> _Task details_
A full, exact copy of the listing is needed, with images omitted.

-------- Task inputs

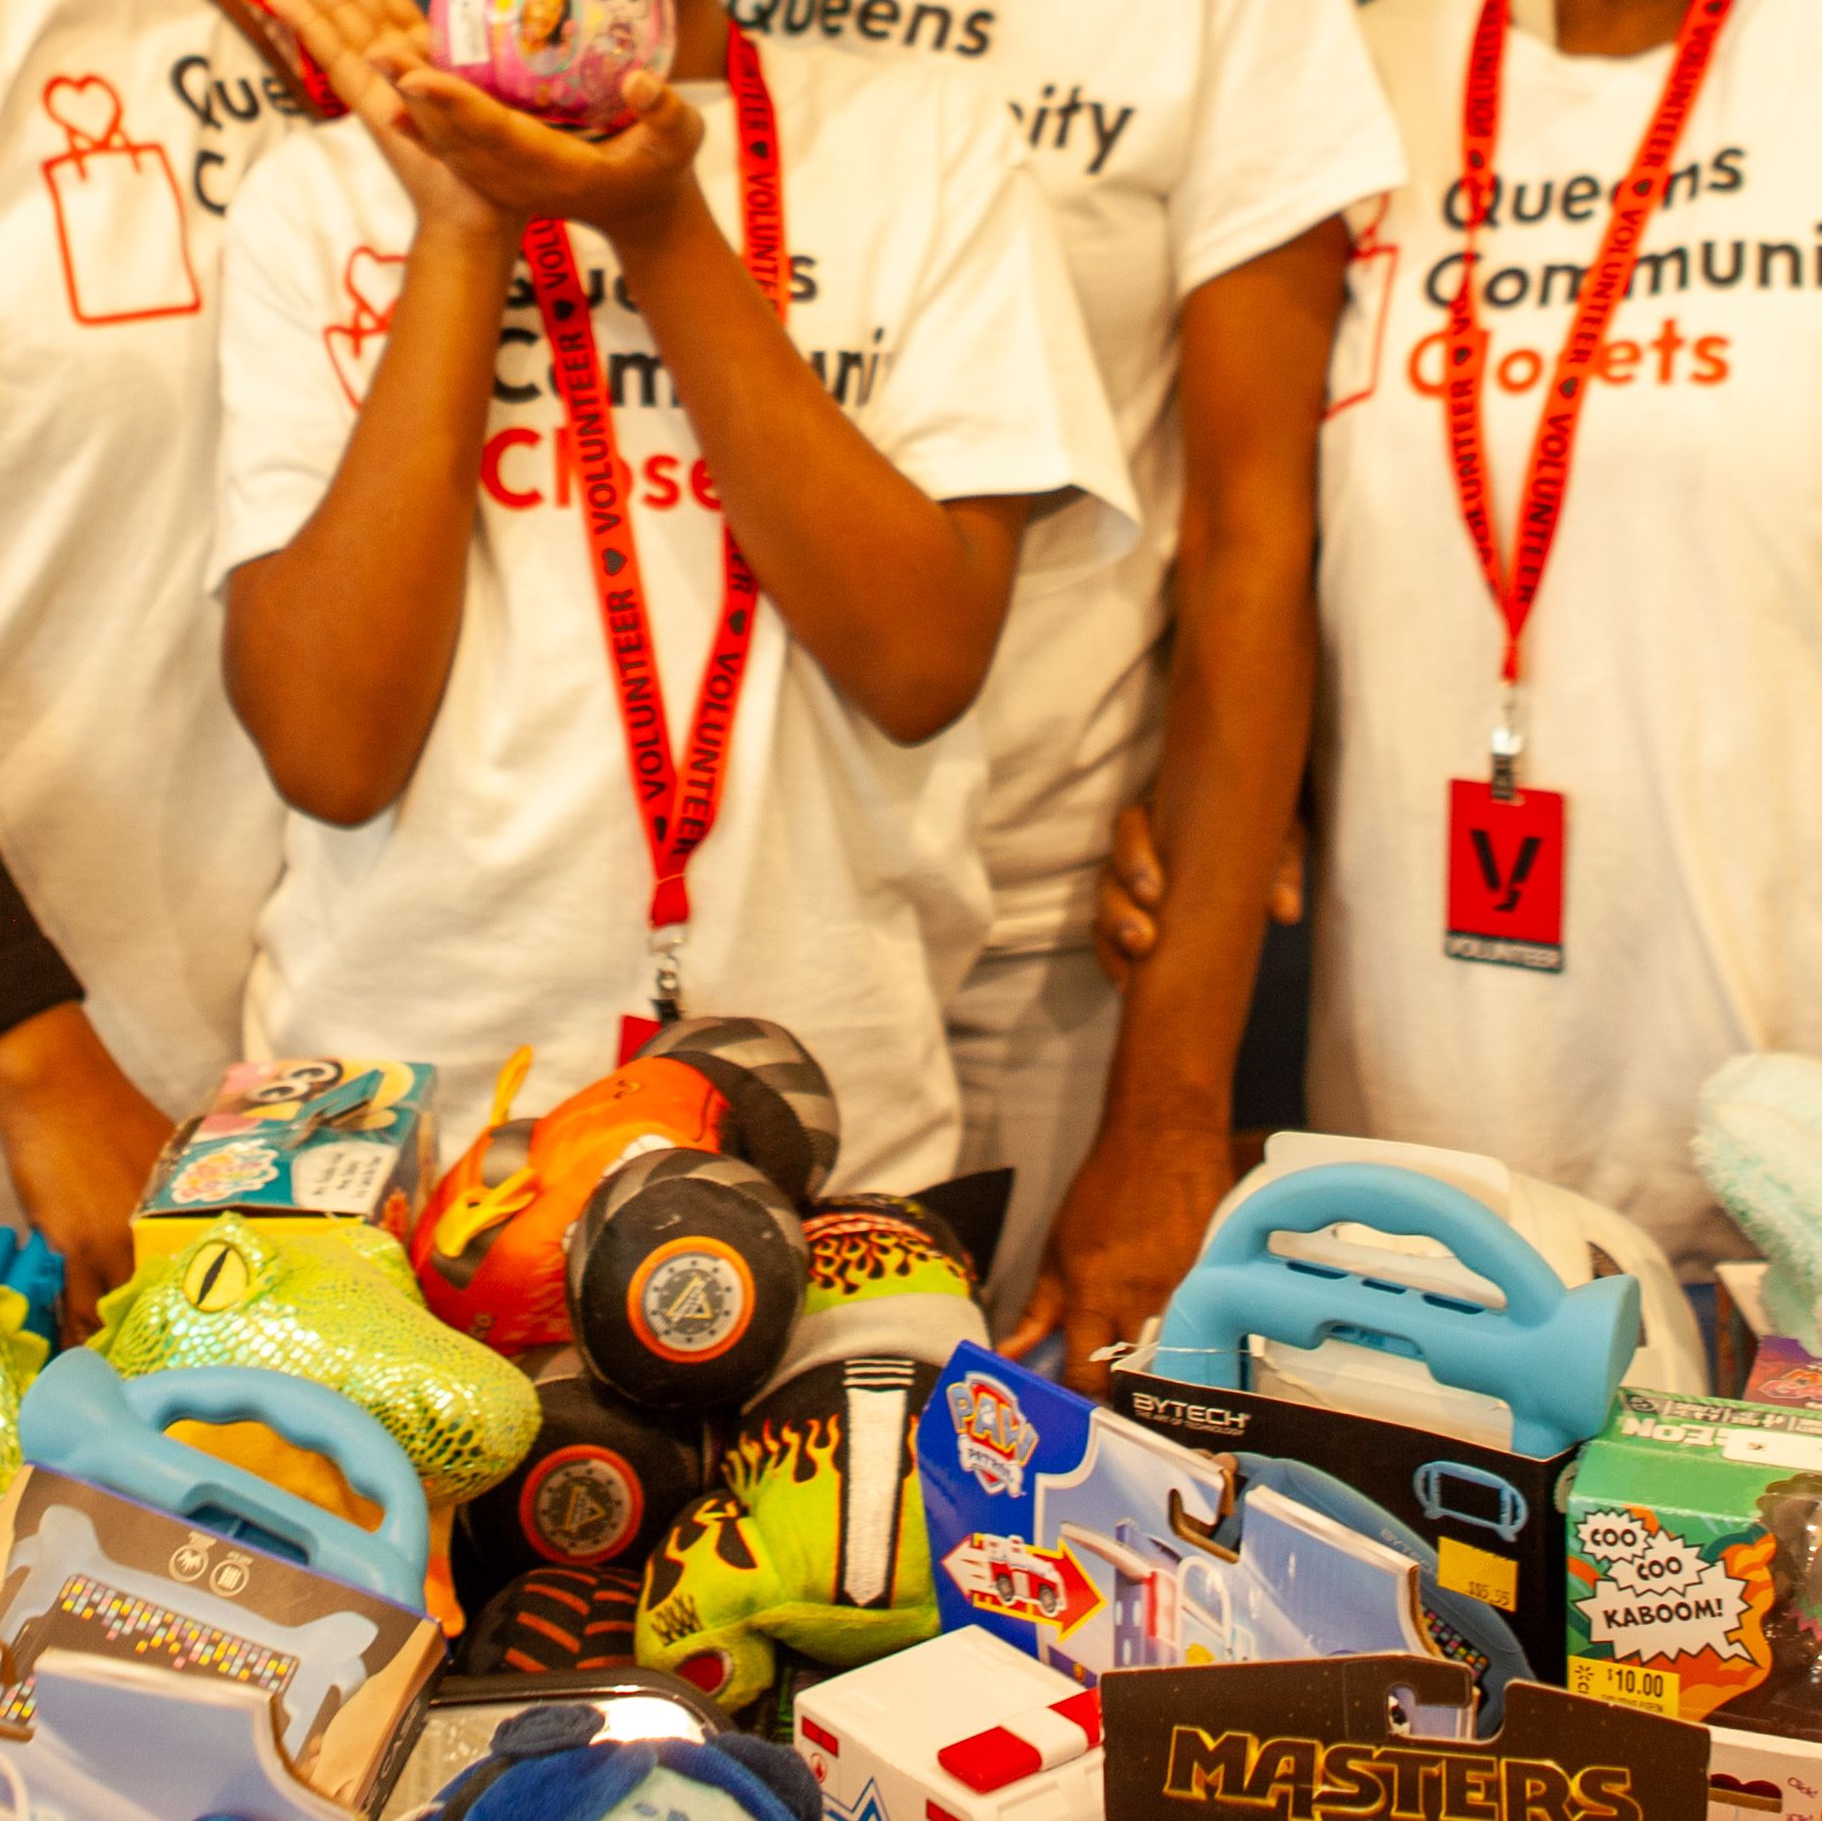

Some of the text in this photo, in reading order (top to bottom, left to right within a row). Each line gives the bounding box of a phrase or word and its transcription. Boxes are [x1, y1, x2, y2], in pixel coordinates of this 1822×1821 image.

[170, 54, 307, 131] Que
[1570, 208, 1644, 365] VOLUNTEER
[557, 332, 624, 535] VOLUNTEER
[1517, 412, 1573, 604] VOLUNTEER
[605, 586, 664, 803] VOLUNTEER
[946, 1380, 1041, 1468] PAW
[1130, 1390, 1249, 1430] BYTECH
[1589, 1526, 1639, 1549] COO
[1635, 1555, 1684, 1582] COO
[1601, 1595, 1727, 1632] KABOOM!
[1607, 1668, 1665, 1699] $10.00
[1163, 1725, 1646, 1821] MASTERS

----------------

> _Response to the task_
Some of the text in this photo, in reading order (top to bottom, left to right within a row). Each line gives the bounding box of a phrase or word and its transcription. Boxes are [x1, y1, x2, y2], in pixel coordinates of this 1822×1821 image.

[170, 54, 307, 131] Que
[1570, 208, 1644, 365] VOLUNTEER
[557, 332, 624, 535] VOLUNTEER
[1517, 412, 1573, 604] VOLUNTEER
[605, 586, 664, 803] VOLUNTEER
[946, 1380, 1041, 1468] PAW
[1130, 1390, 1249, 1430] BYTECH
[1589, 1526, 1639, 1549] COO
[1635, 1555, 1684, 1582] COO
[1601, 1595, 1727, 1632] KABOOM!
[1607, 1668, 1665, 1699] $10.00
[1163, 1725, 1646, 1821] MASTERS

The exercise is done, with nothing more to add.